What you will do: Repeat each entry word for word; the images are not part of the copy.

--------------------

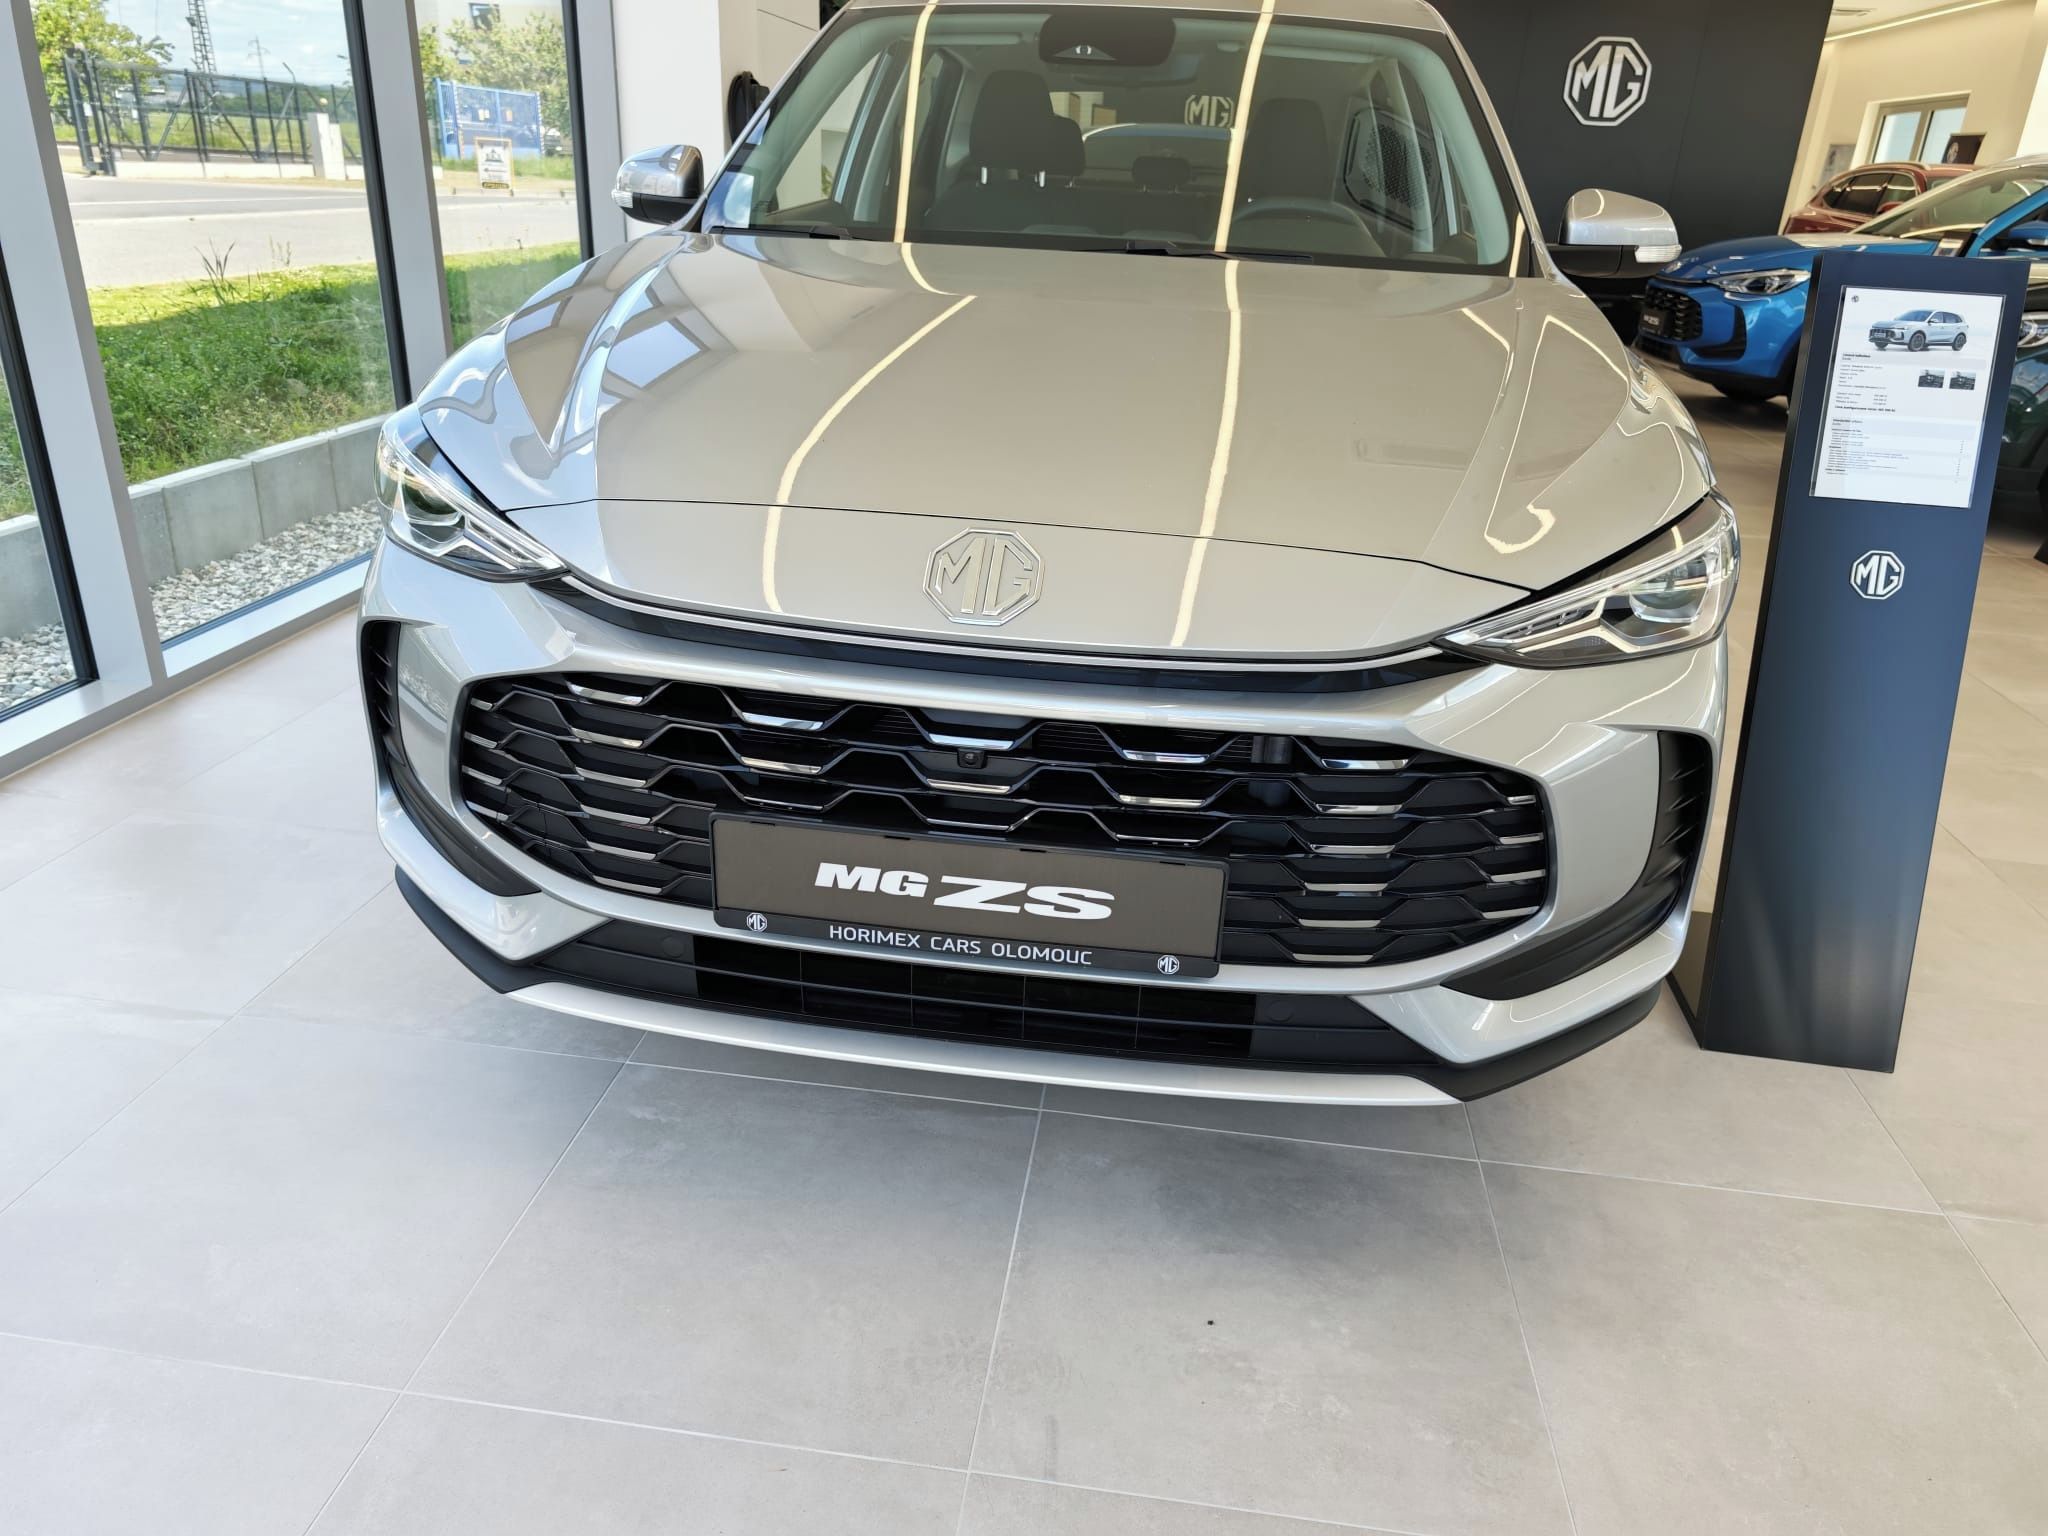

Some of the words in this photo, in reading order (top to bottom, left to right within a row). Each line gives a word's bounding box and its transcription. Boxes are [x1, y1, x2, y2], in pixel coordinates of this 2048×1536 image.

[1571, 44, 1643, 118] MG
[1189, 95, 1230, 127] MG
[934, 536, 1034, 616] MG
[1855, 554, 1901, 596] MG
[814, 862, 929, 898] MG
[933, 875, 1115, 920] ZS
[748, 914, 766, 930] MG
[829, 925, 921, 949] HORIMEX
[930, 936, 981, 954] CARS
[991, 942, 1092, 965] OLOMOUC
[1159, 956, 1178, 973] MG

--------------------

Output for this exercise:
Some of the words in this photo, in reading order (top to bottom, left to right within a row). Each line gives a word's bounding box and its transcription. Boxes are [x1, y1, x2, y2], in pixel coordinates of this 2048×1536 image.

[1571, 44, 1643, 118] MG
[1189, 95, 1230, 127] MG
[934, 536, 1034, 616] MG
[1855, 554, 1901, 596] MG
[814, 862, 929, 898] MG
[933, 875, 1115, 920] ZS
[748, 914, 766, 930] MG
[829, 925, 921, 949] HORIMEX
[930, 936, 981, 954] CARS
[991, 942, 1092, 965] OLOMOUC
[1159, 956, 1178, 973] MG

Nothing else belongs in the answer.